# What to work on
Given the records underneath, please repeat exactly the lines from the line with "this 1344×1512 image." through the line with "this 1500×1000 image.", passing over any picture.

# Stored data
[Start of section]

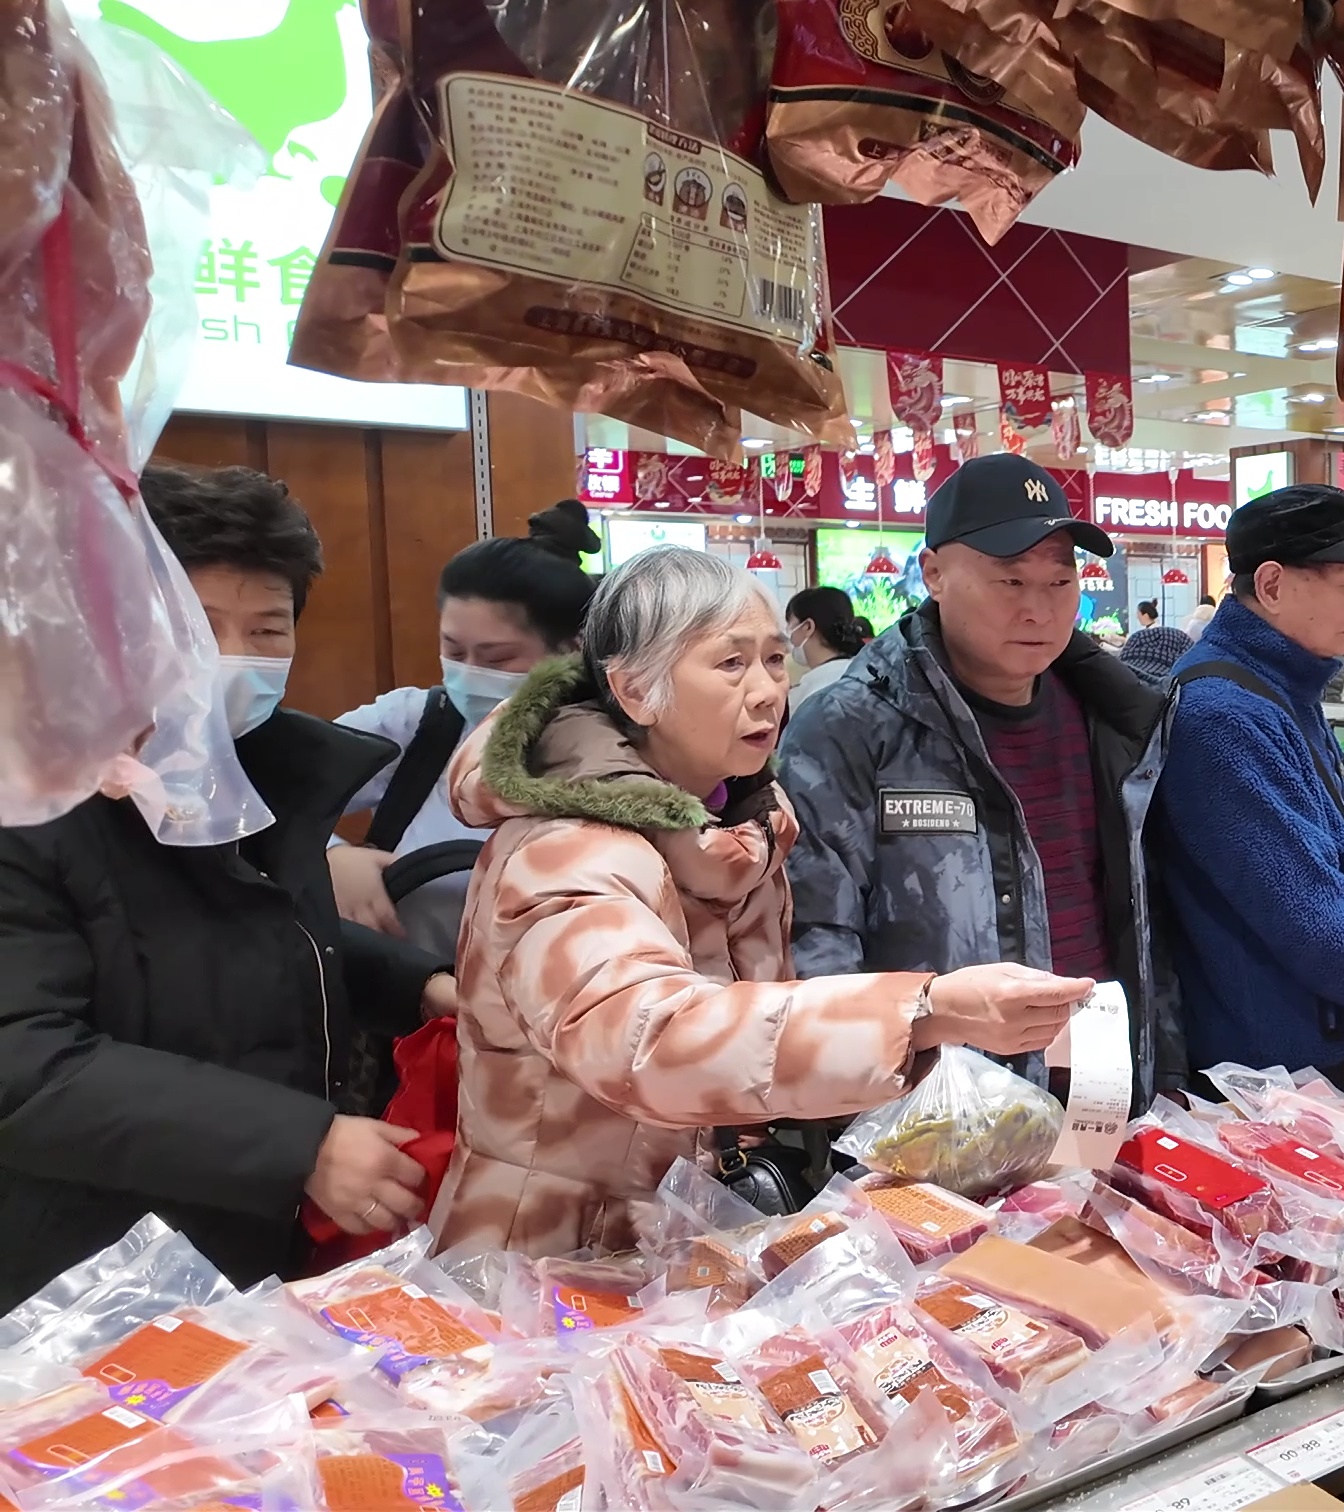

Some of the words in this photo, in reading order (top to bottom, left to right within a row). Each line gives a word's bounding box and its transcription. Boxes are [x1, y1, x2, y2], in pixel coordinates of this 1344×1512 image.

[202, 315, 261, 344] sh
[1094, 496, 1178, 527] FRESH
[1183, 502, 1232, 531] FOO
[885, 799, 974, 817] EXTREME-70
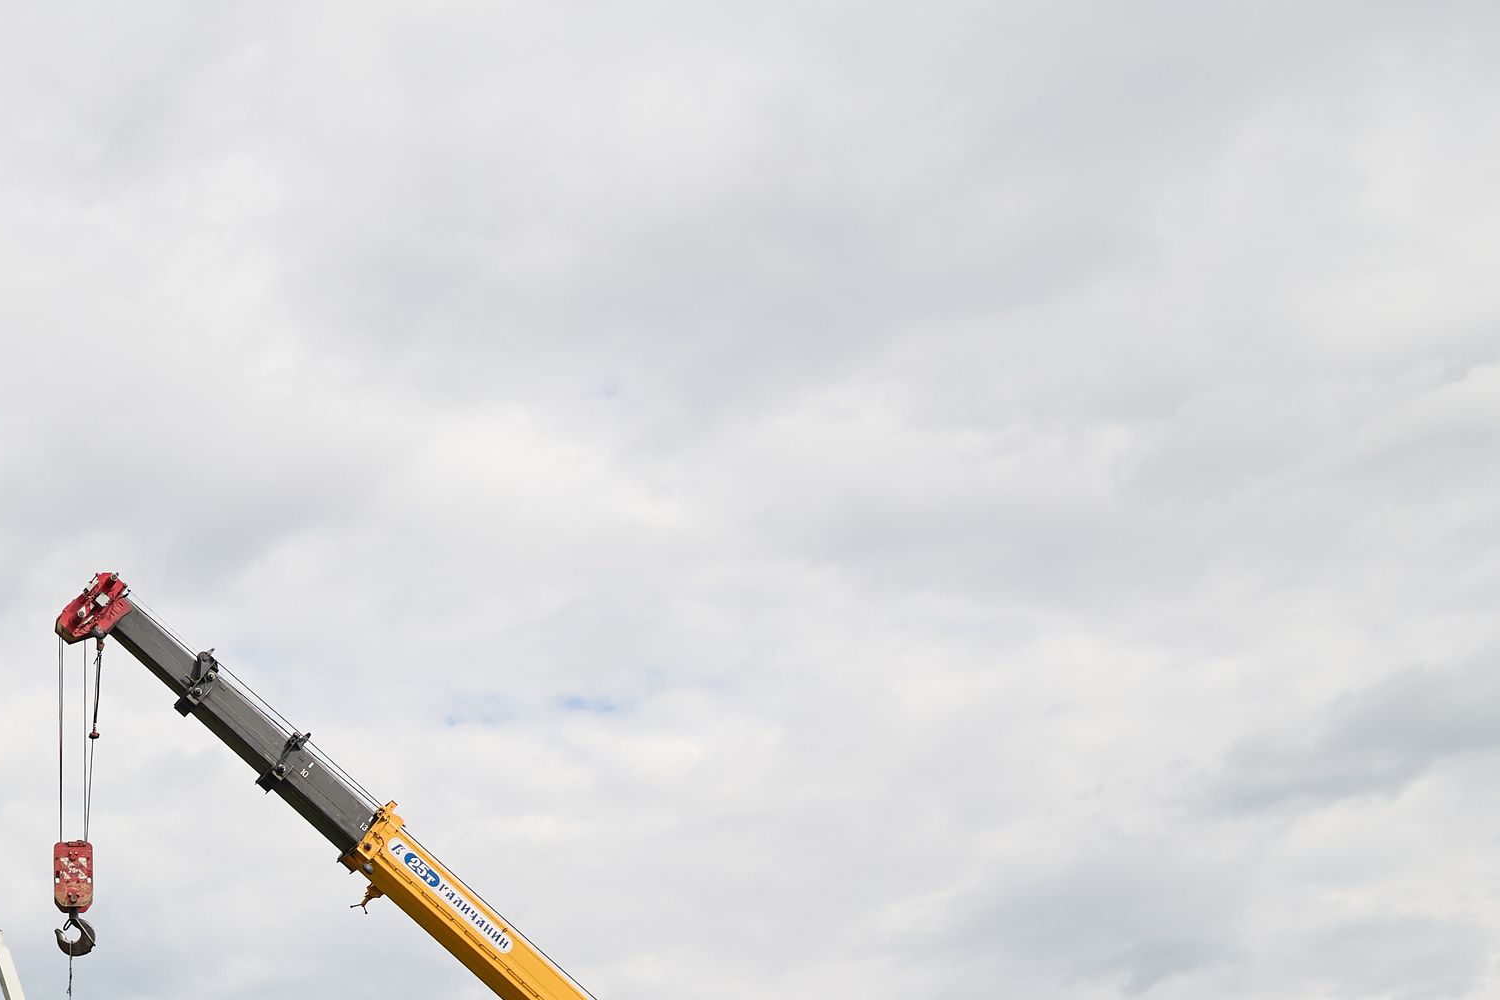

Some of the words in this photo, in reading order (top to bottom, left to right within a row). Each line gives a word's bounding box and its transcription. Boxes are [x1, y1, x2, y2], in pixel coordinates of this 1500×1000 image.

[End of section]
[Start of section]

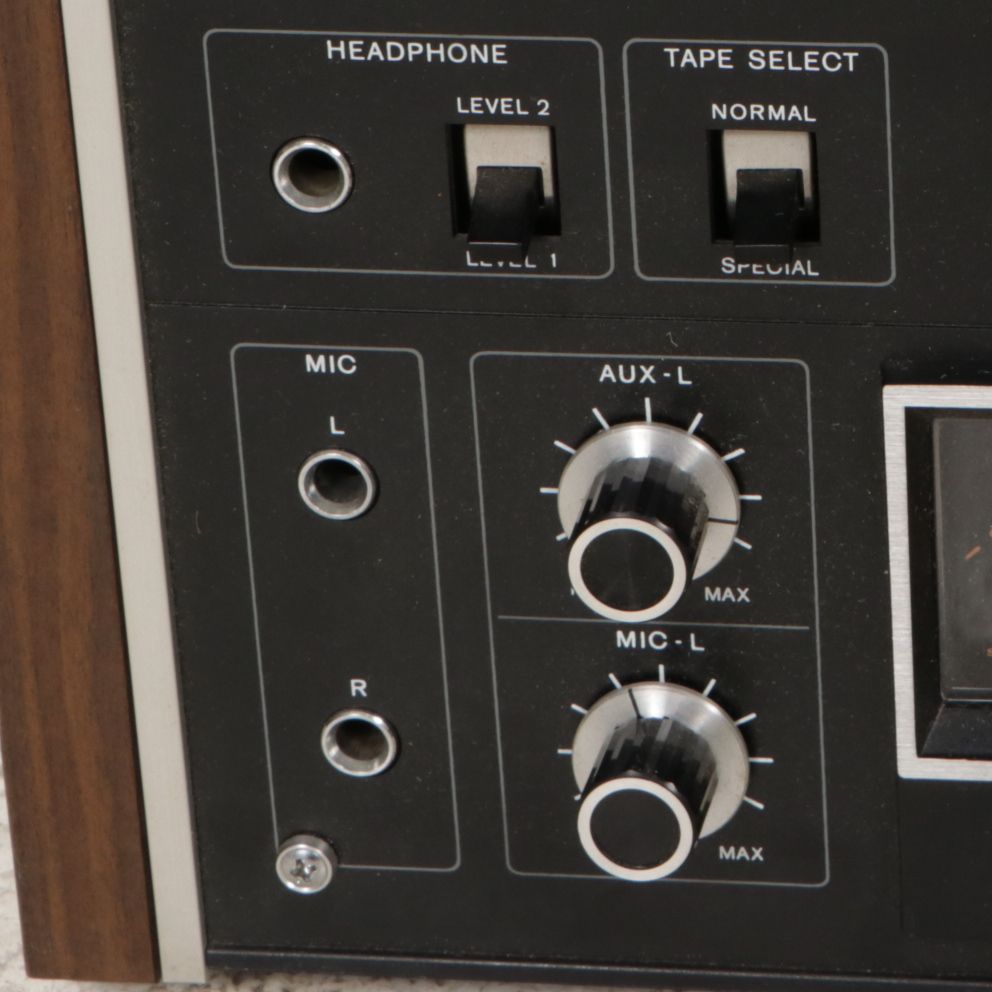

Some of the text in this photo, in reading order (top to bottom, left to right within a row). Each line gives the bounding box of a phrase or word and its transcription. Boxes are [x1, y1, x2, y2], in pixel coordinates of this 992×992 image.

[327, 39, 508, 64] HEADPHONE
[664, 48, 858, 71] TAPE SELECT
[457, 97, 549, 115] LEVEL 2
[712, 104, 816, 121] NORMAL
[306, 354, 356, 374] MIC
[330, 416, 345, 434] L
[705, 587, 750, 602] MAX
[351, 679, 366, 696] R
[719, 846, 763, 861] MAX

[End of section]

# Answer area
Some of the words in this photo, in reading order (top to bottom, left to right within a row). Each line gives a word's bounding box and its transcription. Boxes are [x1, y1, x2, y2], in pixel coordinates of this 1344×1512 image.

[202, 315, 261, 344] sh
[1094, 496, 1178, 527] FRESH
[1183, 502, 1232, 531] FOO
[885, 799, 974, 817] EXTREME-70

Some of the words in this photo, in reading order (top to bottom, left to right within a row). Each line gives a word's bounding box and its transcription. Boxes are [x1, y1, x2, y2], in pixel coordinates of this 1500×1000 image.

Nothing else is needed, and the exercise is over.